Hunt warns that this sort of "support" is only bound to increase as rhetoric of stabilizing Africa makes the dailies, copied directly out of official AFRICOM press releases. Readers of the mainstream media can expect to encounter more frequent usage of terms like "genocide" and "misguided." He notes that already corporate media decry China's human rights record and support for Sudan and Zimbabwe while ignoring the ongoing violations of Western corporations engaged in the plunder of natural resources, the pollution other peoples' homelands, and the "shoring up" of repressive regimes.

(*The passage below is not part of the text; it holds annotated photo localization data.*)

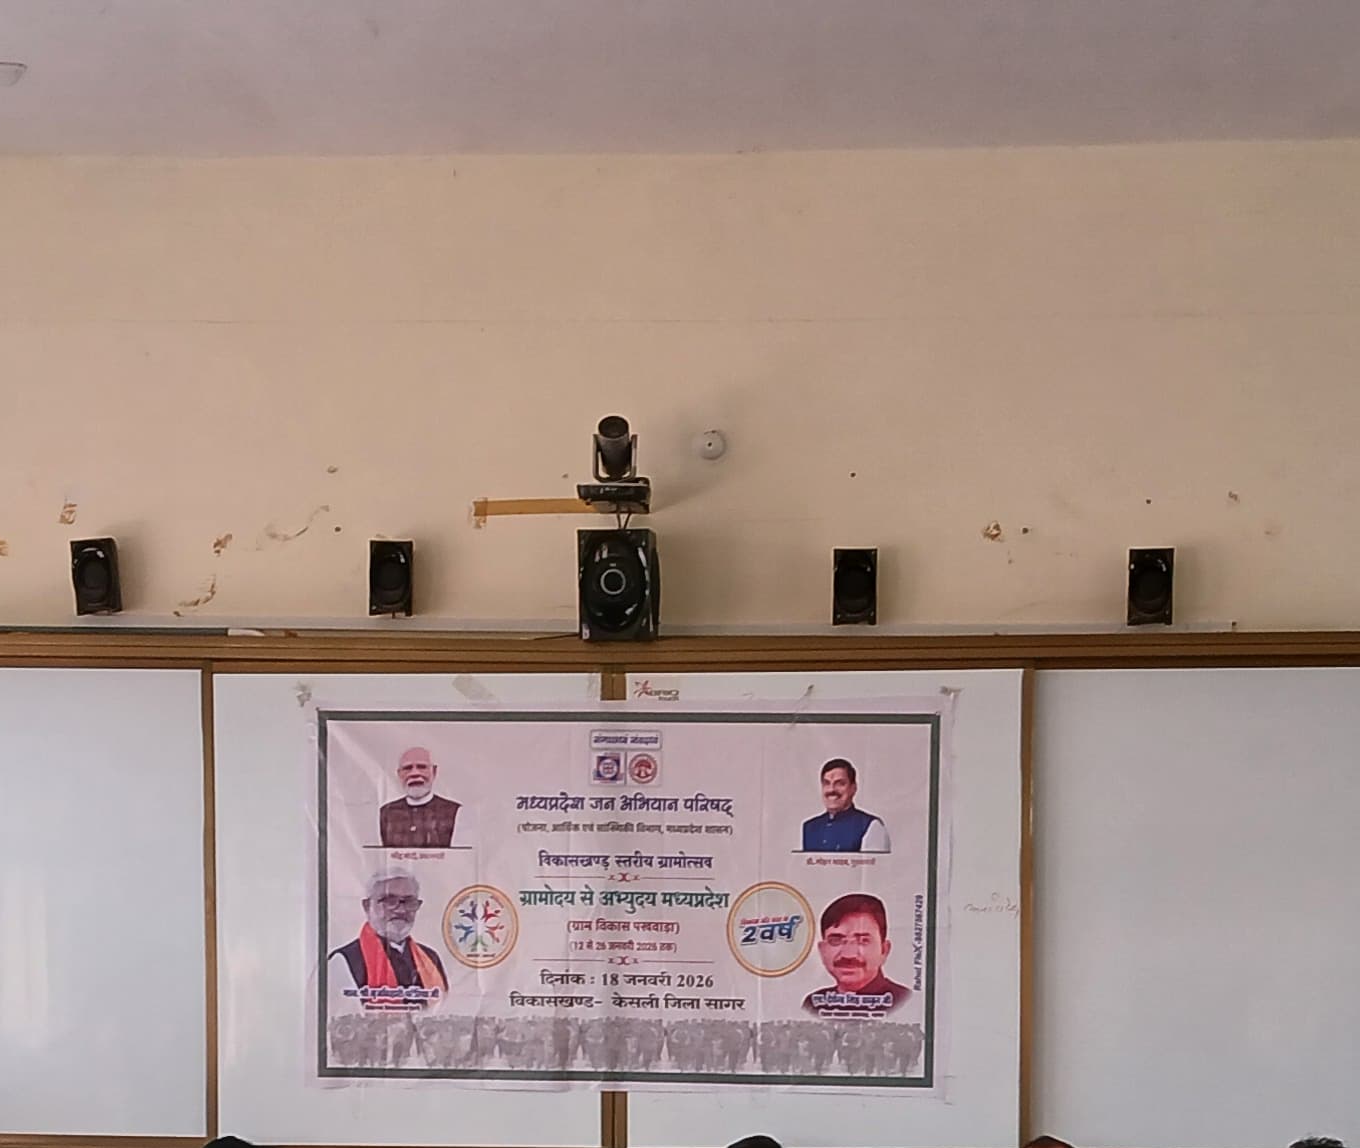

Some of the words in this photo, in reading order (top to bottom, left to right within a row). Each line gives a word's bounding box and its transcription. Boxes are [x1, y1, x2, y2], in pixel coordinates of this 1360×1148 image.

[516, 791, 585, 813] मध्यप्रदेश
[589, 797, 616, 811] जन
[620, 792, 679, 812] अभियान
[614, 850, 654, 869] स्तरीय
[657, 851, 713, 870] ग्रामोत्सव
[519, 884, 577, 907] ग्रामोदय
[580, 884, 595, 907] से
[599, 890, 657, 914] अभ्युदय
[661, 885, 730, 909] मध्यप्रदेश
[595, 918, 630, 932] विकास
[742, 925, 756, 943] 2
[758, 915, 801, 941] वर्ष
[540, 967, 586, 985] दिनांक
[601, 973, 619, 986] 18
[623, 970, 671, 986] जनवरी
[676, 974, 714, 988] 2026
[611, 992, 660, 1009] केसली
[664, 992, 701, 1010] जिला
[704, 998, 746, 1011] सागर

In FY 2005 the Trans-Sahara Counter Terrorism Initiative received $16 million; in FY 2006, nearly $31 million. A big increase is expected in 2008, with the administration pushing for $100 million each year for five years. With the passage of AFRICOM and continued promotion of the Global War on Terror, Congressional funding is likely to increase significantly.

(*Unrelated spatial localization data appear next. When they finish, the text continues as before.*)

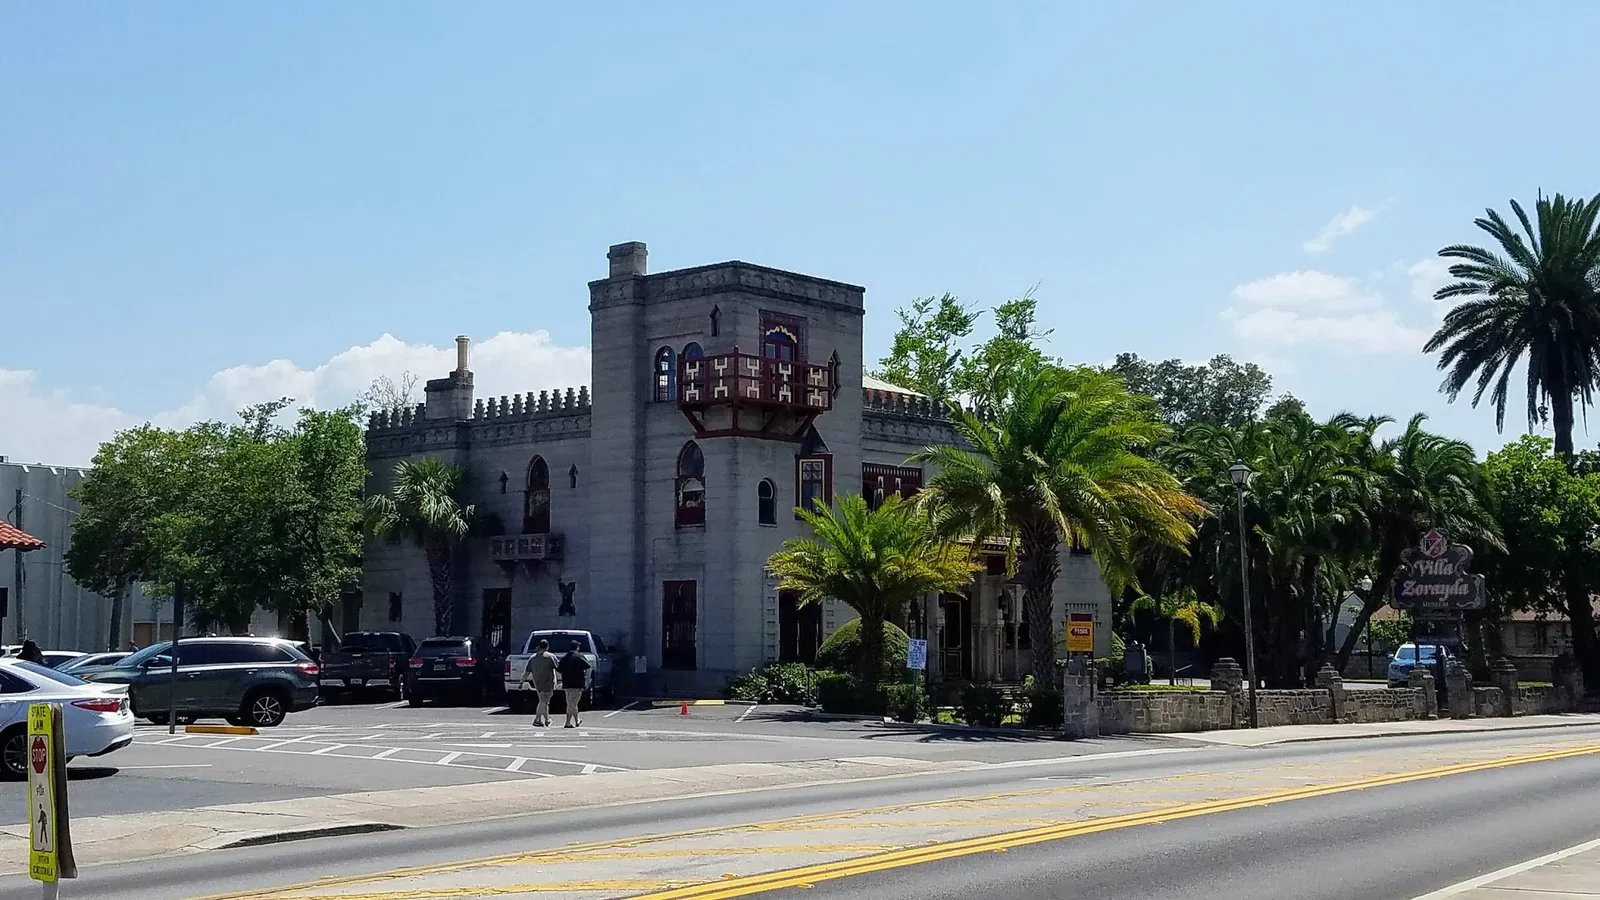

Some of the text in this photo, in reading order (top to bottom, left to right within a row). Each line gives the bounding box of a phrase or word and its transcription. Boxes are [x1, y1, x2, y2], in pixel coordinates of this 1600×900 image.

[1413, 558, 1454, 577] Villa
[1401, 578, 1469, 601] Zorayda
[31, 706, 46, 718] STATE
[33, 720, 44, 731] LAW
[32, 748, 46, 762] STOP

In the end, regardless of whether it's US or Chinese domination over Africa, the blood spilled will be African. Hunt concludes, "It does not require a crystal ball or great imagination to realize what the increased militarization of the continent through AFRICOM will bring to the peoples of Africa."
Frenzy of Increasingly Destructive Trade Agreements
The Oxfam report, "Signing Away the Future," reveals that the US and European Union (EU) are vigorously pursuing increasingly destructive regional and bilateral trade and investment agreements outside the auspices of the WTO. These agreements are requiring enormous irreversible concessions from developing countries, while offering almost nothing in return. Faster and deeper, the US and EU are demanding unprecedented tariff reductions, sometimes to nothing, as the US and EU dump subsidized agricultural goods on undeveloped countries, plunging local farmers into desperate poverty. Meanwhile the US and EU provide themselves with high tariffs and stringent import quotas to protect their own producers. Unprecedented loss of livelihood, displacement, slave labor, along with spiraling degradation of human rights and environments are resulting as economic governance is forced from governments of developing countries, and taken over by unaccountable multinational firms.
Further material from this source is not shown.